Courses/Claude Certified Architect — Foundations (CCA-F)/5.3 Error Propagation in Multi-Agent Systems
Domain 5: Context Management & Reliability (15%)Lesson 27 of 30

5.3 Error Propagation in Multi-Agent Systems

5.3.1 When a Worker Fails, What Does the Boss Hear?

Back in Domain 1 you built multi-agent systems with a coordinator and subagents, and in Domain 2.2 you designed structured error responses for tools. Task Statement 5.3 brings those together: when a SUBAGENT fails, how should that failure travel back to the COORDINATOR so the coordinator can recover intelligently? The way an error propagates determines whether the whole system degrades gracefully or fails catastrophically.

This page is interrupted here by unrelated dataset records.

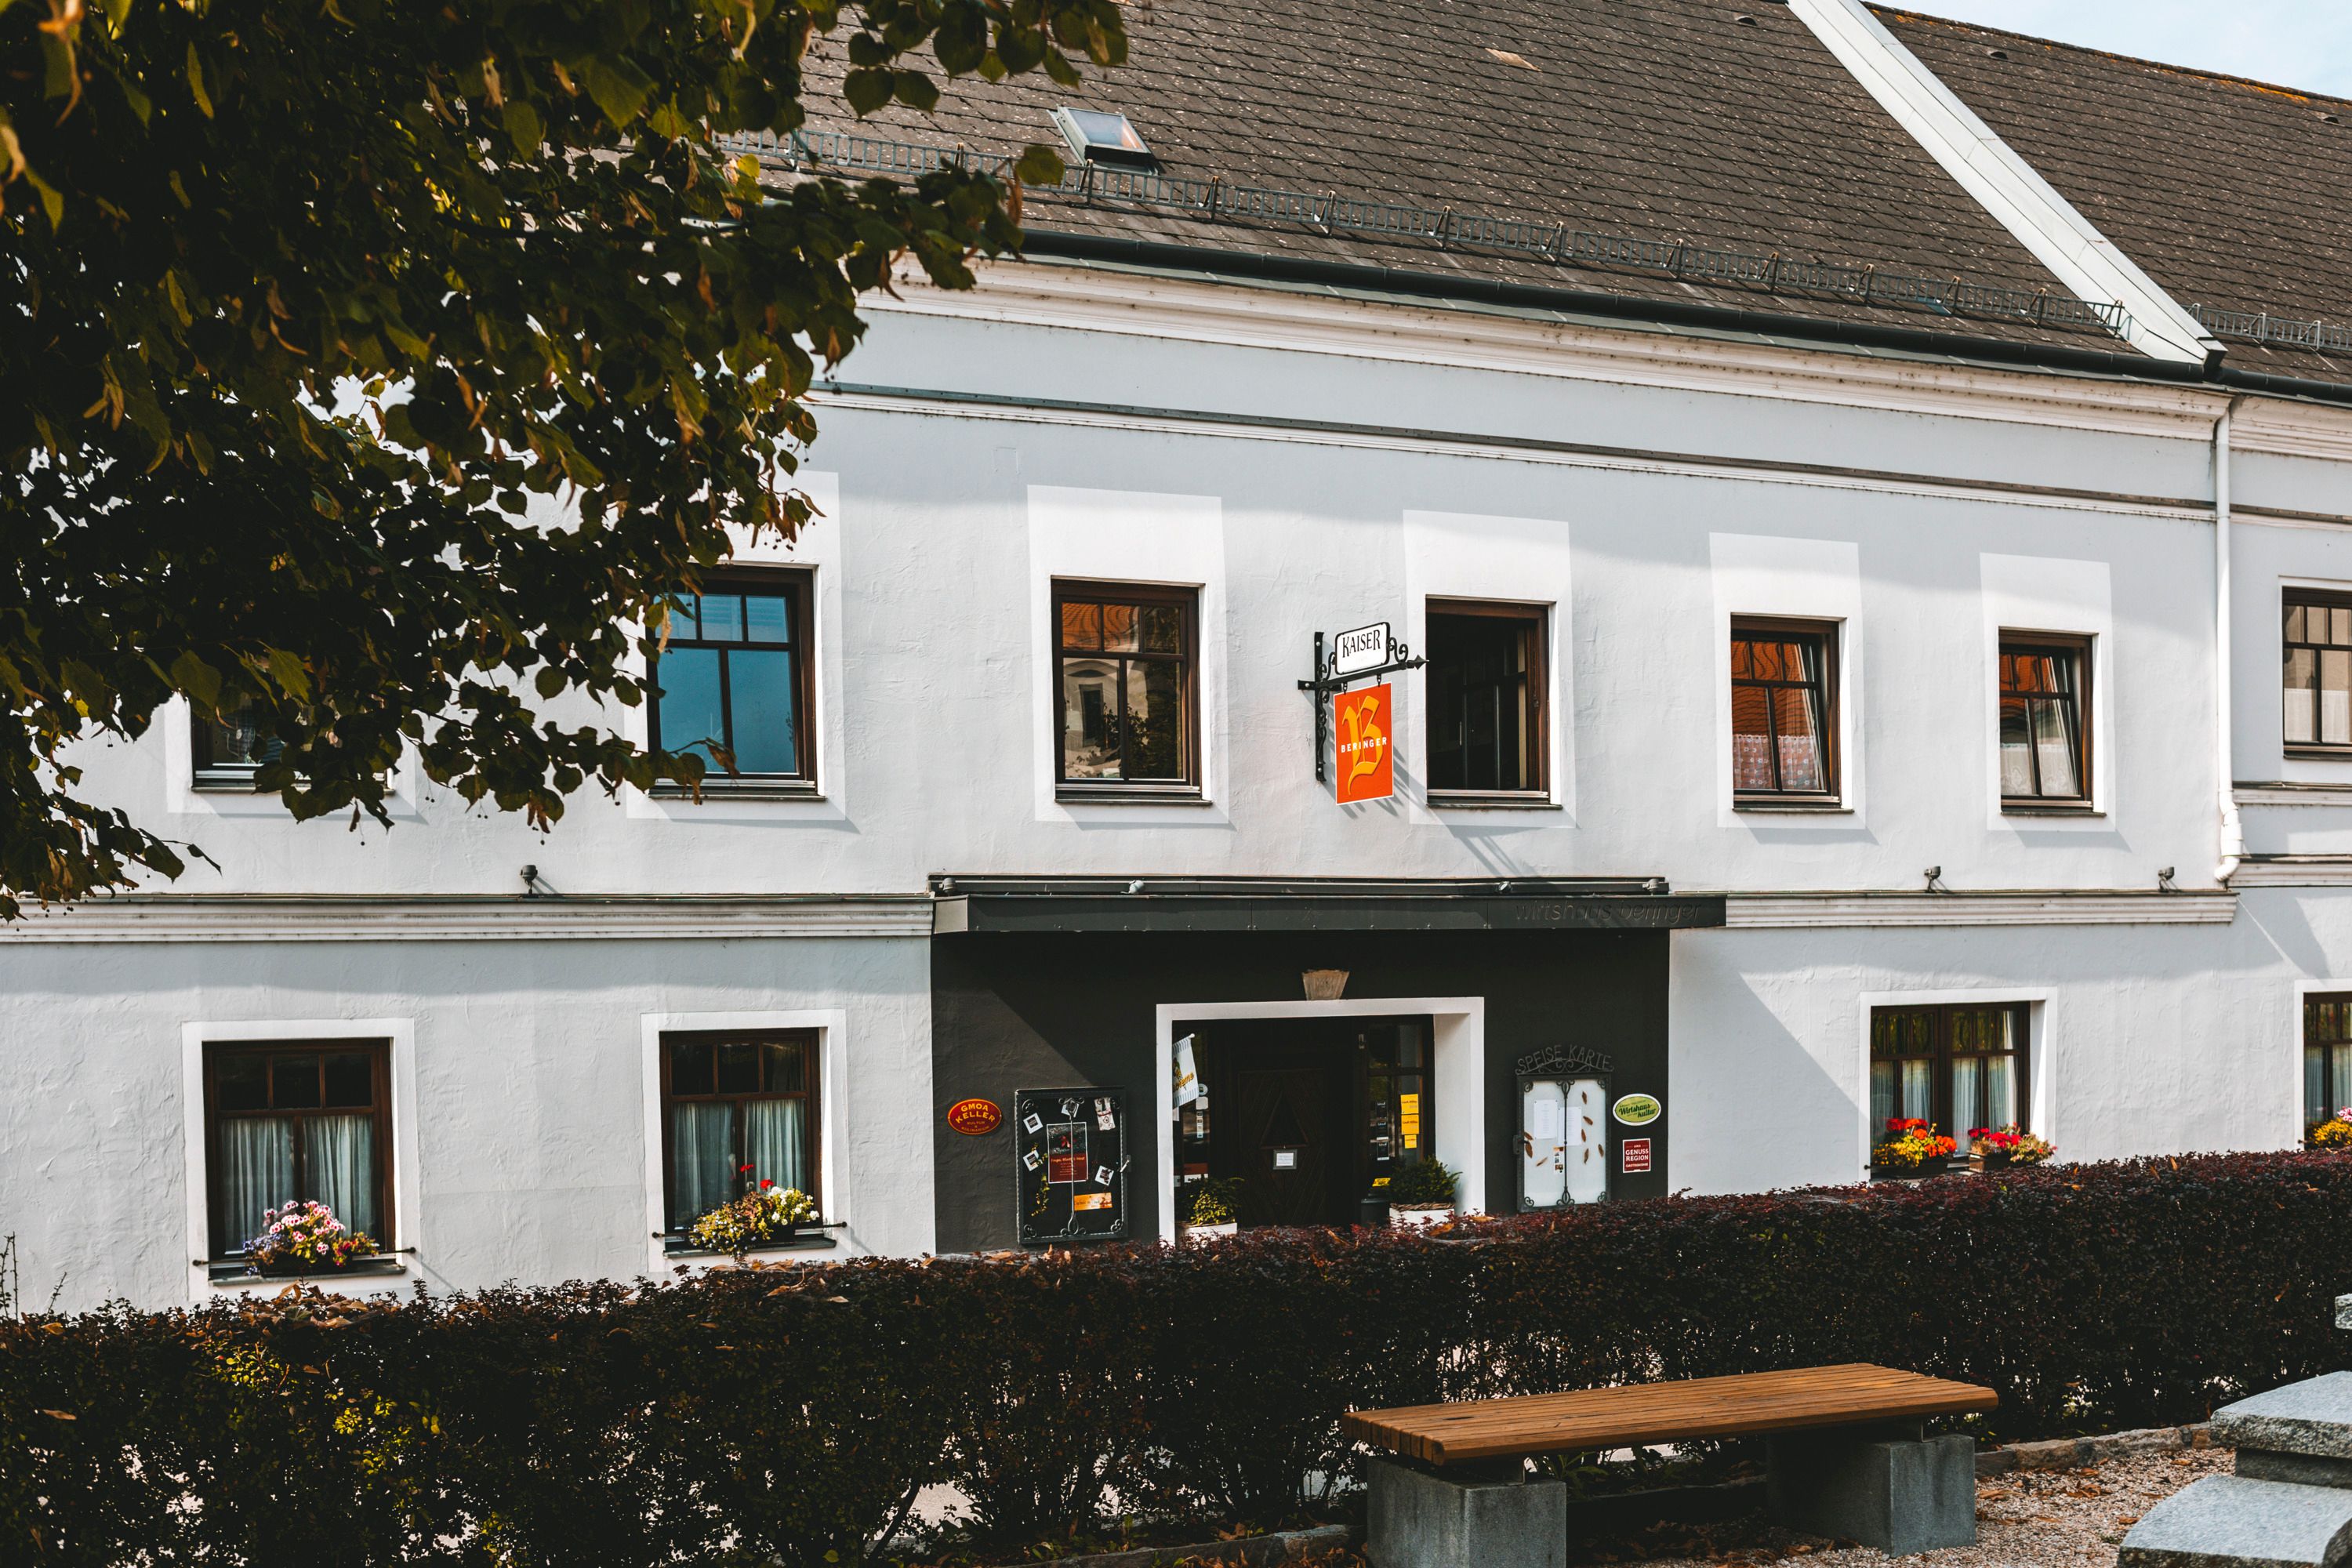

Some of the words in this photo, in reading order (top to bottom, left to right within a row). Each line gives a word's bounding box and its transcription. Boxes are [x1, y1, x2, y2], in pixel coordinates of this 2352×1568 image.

[1342, 629, 1381, 659] KAISER
[1341, 736, 1388, 753] BERINGER
[1515, 901, 1612, 920] wirtshaus
[1619, 901, 1701, 924] beringer
[1517, 1044, 1563, 1072] SPEISE
[1569, 1044, 1613, 1071] KARTE
[960, 1103, 989, 1112] GMOA
[1637, 1108, 1657, 1118] kultur
[955, 1110, 996, 1123] KELLER

Picture a research coordinator that delegated a web search to a subagent, and the search times out. What the coordinator hears next decides everything. If the subagent reports back 'search failed: timeout while querying X; here's the partial data I did get; you could try source Y instead,' the coordinator can make a smart call — retry differently, use the partial data, or note a gap. If instead the subagent just dies, or worse, quietly returns 'success: no results,' the coordinator is flying blind. It's the difference between an employee who says 'the supplier's site was down, but I found two of the three quotes — want me to call them?' versus one who either vanishes or falsely reports 'all done.'

This lesson is about propagating errors as STRUCTURED CONTEXT, and about two anti-patterns that destroy a multi-agent system's reliability: silently swallowing errors, and killing the whole workflow on one failure. Let's build up what good error propagation looks like.

What the coordinator hears when a subagent failsgeneric / silent (✗)"search unavailable" orempty-as-successcoordinator can't recoverstructured context (✓)type · what was attemptedpartial results · alternativescoordinator recovers intelligently

A generic or silently-swallowed failure leaves the coordinator unable to recover; structured error context (type, attempt, partial results, alternatives) lets it make an intelligent recovery decision.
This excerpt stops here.